Non-precious Co3O4-TiO2/Ti cathode based electrocatalytic nitrate reduction: Preparation, performance and mechanism

The presence of high nitrate (NO3−) concentration in natural water constitutes a serious issue to the environment and human health. Therefore, the development of low-cost, stable non-precious metal catalysts is imminent for efficient NO3- reduction. In this study, we prepared a Co3O4-TiO2/Ti cathode via combining sol-gel and calcination methods and evaluated its performance for electrocatalytic NO3- reduction. The dispersion of the Co3O4 catalyst particles was improved by the addition of PVP to the coating liquid. The presence of anatase could effectively stabilize Co3O4 and prevent the releasing of toxic Co ions into the solution.

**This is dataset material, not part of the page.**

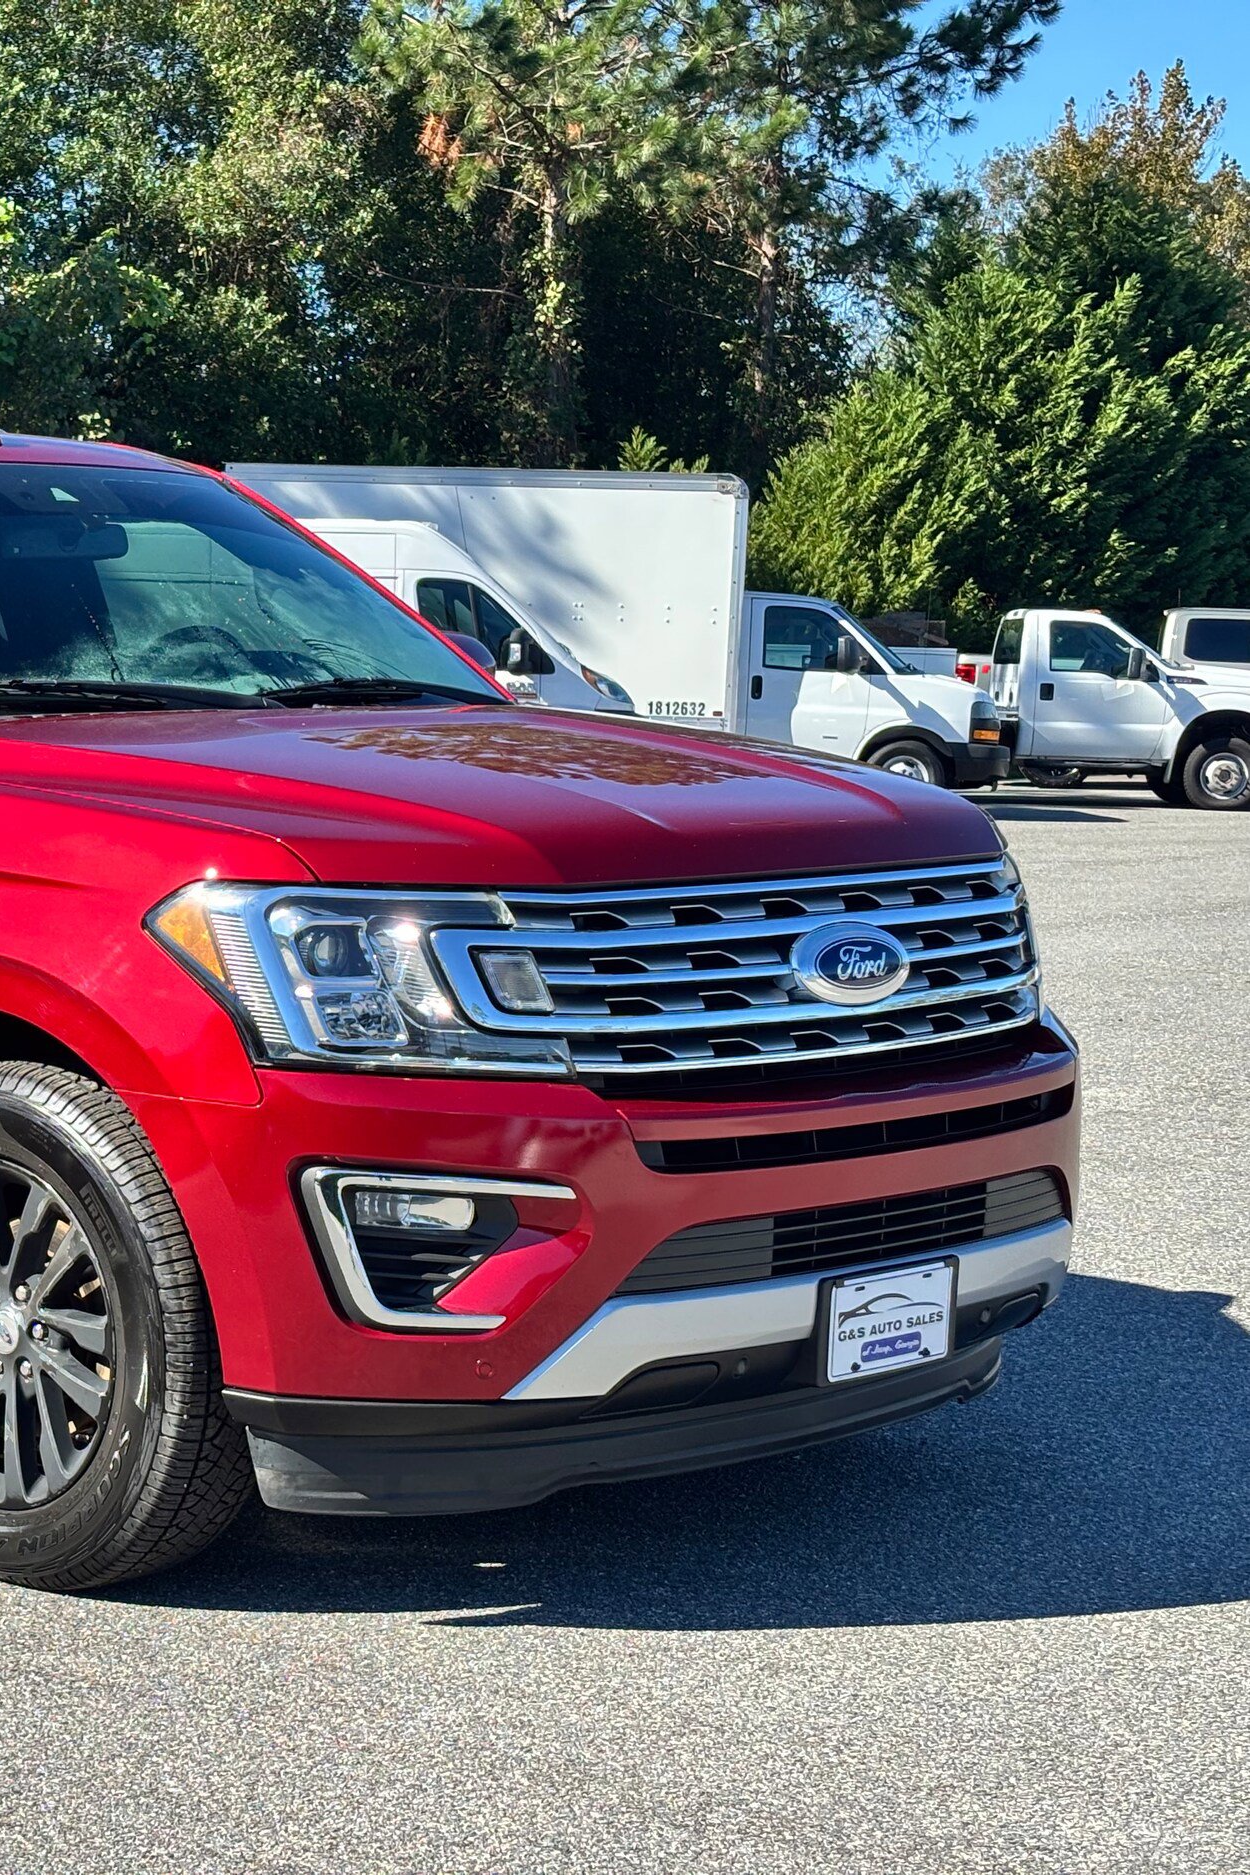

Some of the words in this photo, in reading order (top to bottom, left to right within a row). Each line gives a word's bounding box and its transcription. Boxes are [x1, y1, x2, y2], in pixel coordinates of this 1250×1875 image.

The Co3O4-TiO2/Ti cathode with the optimized performance for NO3- reduction could be prepared by four times coating at calcination temperature of 500 °C. The electrocatalytic reduction of NO3- was negligibly impacted by solution pH in the range of 3.0–9.0, while it could be facilitated by elevating the current density from 2.5 to 25 mA cm2. Ammonium ions were the main final NO3- reduction product, and the presence of Cl- was capable to oxidize ammonium ions to N2 due to the electrochemical production of reactive chlorine species. The electrochemical analyses, scavenging experiments and density functional theory calculations collectively confirm that NO3- reduction was mainly induced by the Co2+–Co3+–Co2+ redox process instead of being directly resulted from the electrons generated at the cathode. Unlike noble metal (e.g., Pd and Ag) based catalytic reaction systems, in the present Co3O4 mediated electrocatalytic reaction process, atomic H* would more favorably turn to H2 by Heyrovsky and Tafel routes and therefore contributed marginally to the NO3- reduction. Generally, this study provided a new paradigm for designing the stable and cost-effective cathode for NO3- reduction.